With 12:01 left in the 2nd half, BYU managed to make it a three point game, 56-53. Oregon was still projected to win 72.0% of the time despite it being a one possession game. An 11-2 run increased the Ducks odds of winning to 89.1%. Then Oregon dropped the hammer with a 15-2 run that made the Ducks 99.8% likely to win with 3:21 remaining.  

St. Louis vs. NC State
 
St. Louis rallied from a 14 point deficit late in the 2nd half to defeat NC State in overtime. The Billikens, down 59-45, only had a 3.1% chance of completing the comeback with 5:03 left in the 2nd half.
 
Poor free throw shooting (20 of 37) was the main contributor to the Wolfpack's downfall.
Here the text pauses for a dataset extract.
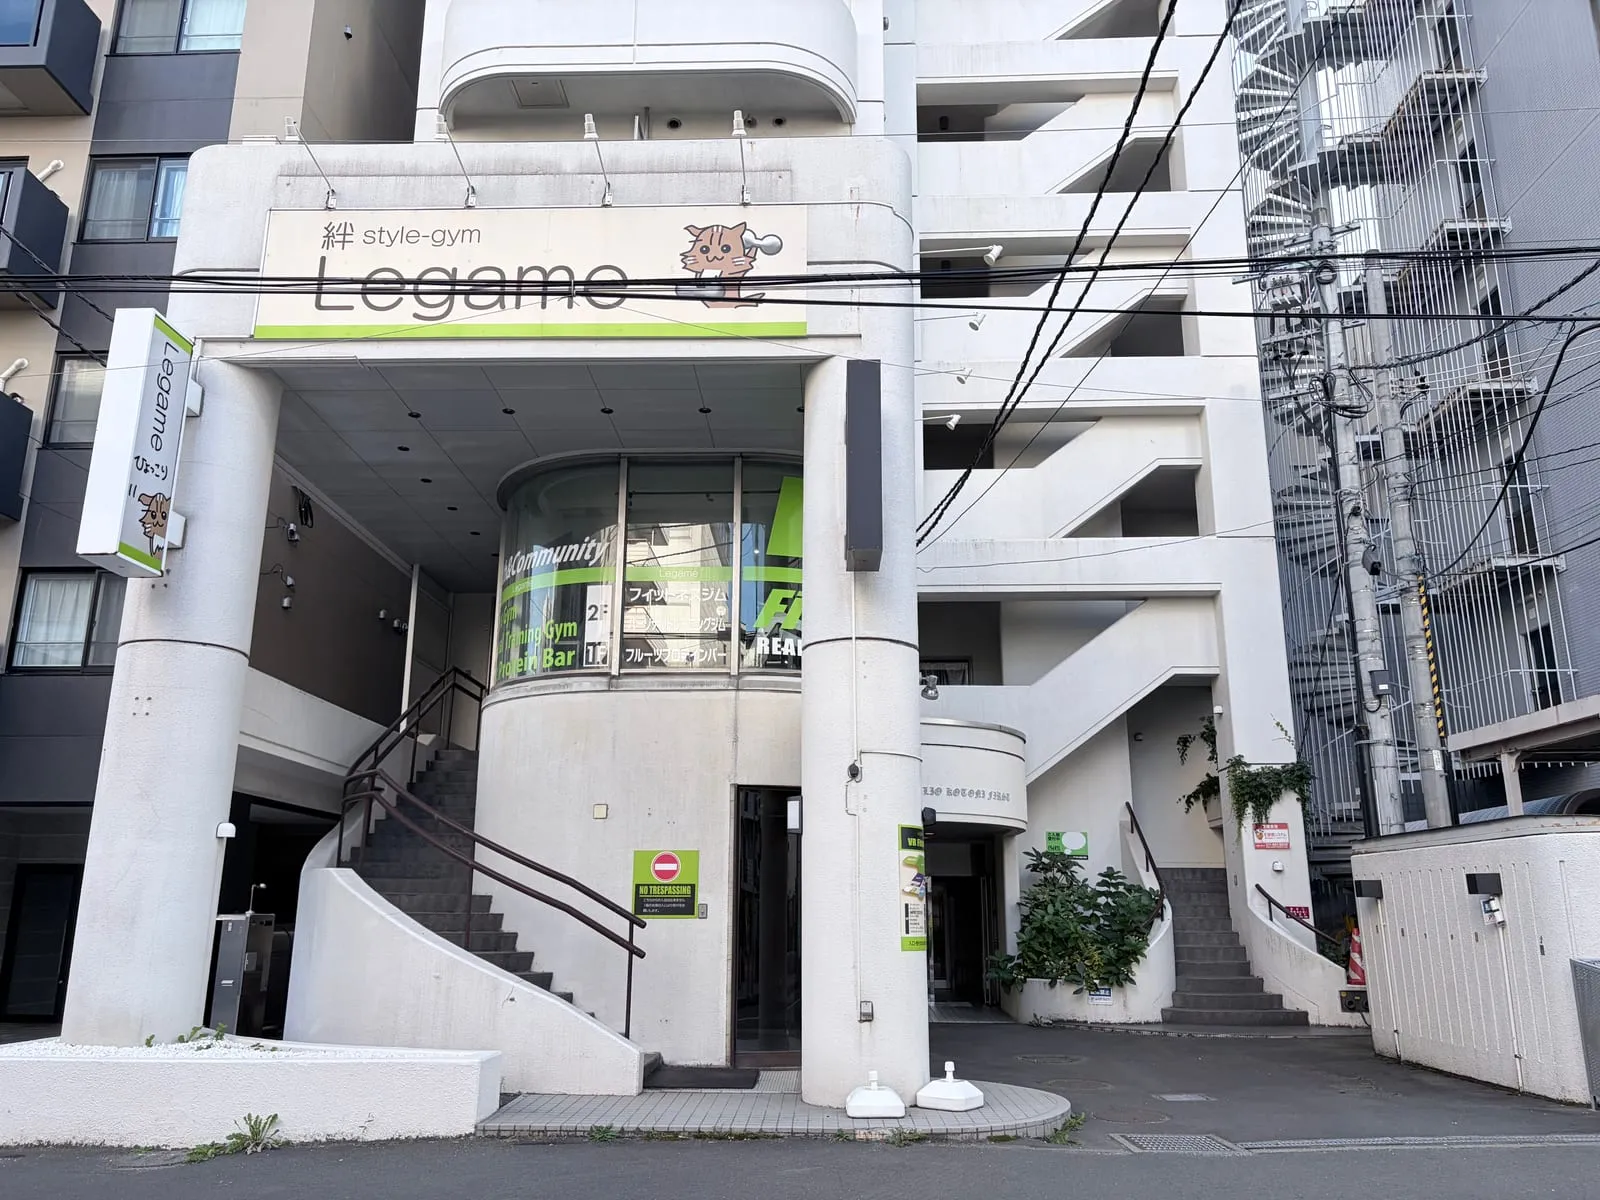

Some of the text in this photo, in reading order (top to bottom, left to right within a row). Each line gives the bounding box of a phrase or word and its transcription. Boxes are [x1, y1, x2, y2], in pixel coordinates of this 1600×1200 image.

ACC Player of the Year, T.J. Warren, only made six of his 14 free throw attempts including one miss that could have tied it in the final minute of overtime. Warren’s missed free throw lowered NC State’s win probability to 39.2%. Had Warren made the free throw to tie the game, the Wolfpack’s odds would have increased to 44.6% (SLU still had possession with enough time to score).
 
Oklahoma vs. North Dakota State
 
North Dakota State needed overtime but the Bison earned their first NCAA Tournament win. ND State’s Lawrence Alexander hit a three pointer with 11 seconds left to force the extra session. Prior to the game tying shot, the Bison were just 24.3% likely to win.
 
Oklahoma’s Jordan Woodard and Isaiah Cousins each missed a free throw with less than a minute left and before Alexander’s game tying three pointer. Had the Sooners made either one of those free throws their odds of winning would have increased to 79.8% with a four point lead.
 
UConn vs. St. Joe’s
 
It can be difficult to pinpoint a single play that changed a game but St. Joe’s fate turned on a free throw attempt by Connecticut’s freshman center Amida Brimah. Brimah forced overtime by completing a three-point play in the final minute. Brimah shot 57.1% from the free throw line for the season. UConn needed him to convert the free throw to tie the game. Essentially it was a 50/50 proposition that Brimah would make the shot.
 
Unfortunately for St. Joe’s he did. The Hawks were still 56.6% likely to win the tied game but had Brimah missed the free throw St. Joe’s odds of winning would have increased to 62.2%. Leading by one point, with possession of the ball and less than 30 seconds remaining, it is fair to assume that the Huskies would have fouled in an attempt to extend the game, further increasing the Hawks chances of winning.